As someone who grew up being labelled as painfully shy but finally diagnosed with anxiety over a year ago (and recently told I come under the social anxiety umbrella), I can tell you that EVERYTHING is totally overwhelming and draining. I even had an anxiety attack in my therapy session today - a safe place where I should feel completely safe - but I can't even manage that.
Anxiety is an irrational, terrible disease that can be crippling. For me it is on top of depression which I was diagnosed with many years ago. Simple, everyday tasks like getting dressed and cooking are anxiety inducing, going out always results in an anxiety attack, no matter how many techniques I use to try to help. I would rather never go out, never meet anyone, never get out of bed, but unfortunately I have to. It was so bad recently I tried to commit suicide and at one point I was detained for my own safety. There is no way I could have just got on with life, there was no way I could have been rational at the time, the only way I got through those days was with other people helping me, I could not have done it myself.
So far in the last few months I have tried 3 different anti-depressants, they only take the edge off the depression and anxiety, the second one stopped helping and sent me into a downward spiral which resulted in the worst couple of months of my life, hence I am on a third one now. My therapy is, hopefully, going to help, but there is no explanation for why I have some of the anxiety. I have been 'on sick' for a year now and I have no idea when I will be fit for work.

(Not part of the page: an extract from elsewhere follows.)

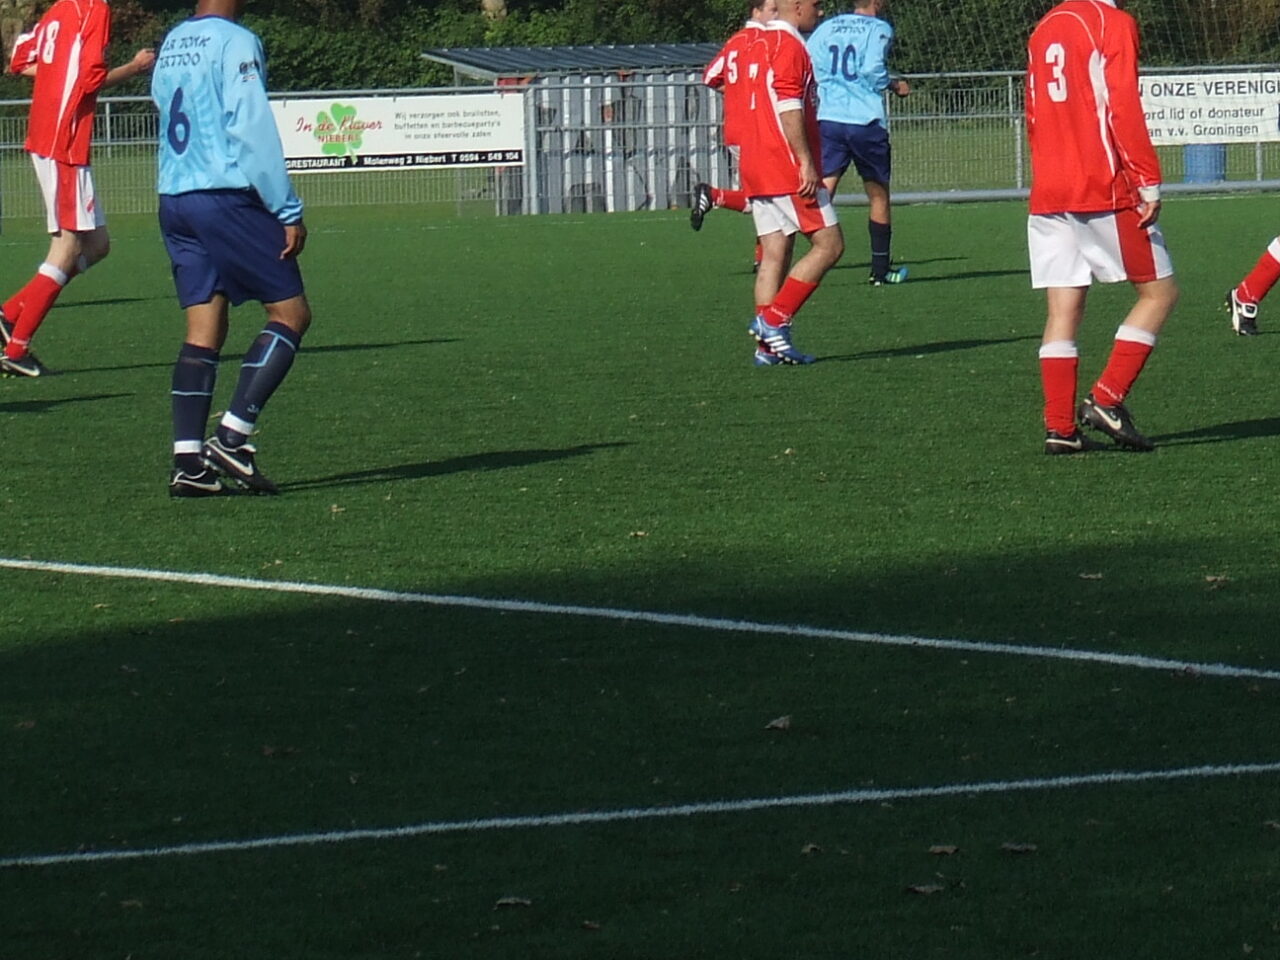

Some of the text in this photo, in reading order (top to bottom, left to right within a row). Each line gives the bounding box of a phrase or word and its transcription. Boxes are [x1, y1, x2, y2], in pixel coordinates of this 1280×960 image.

I really don't want to feel this way, I try to just get on with things and on good days I can, but at other times it is literally impossible to. Life is hard, anxiety is tiring and terrifying at times.
I hope this small snapshot of my experience helps you understand a bit better. There is a difference between being a bit anxious, it happens to everyone, and full-on anxiety, and so many people nowadays think they have anxiety, but they may only have the normal, day-to-day thing.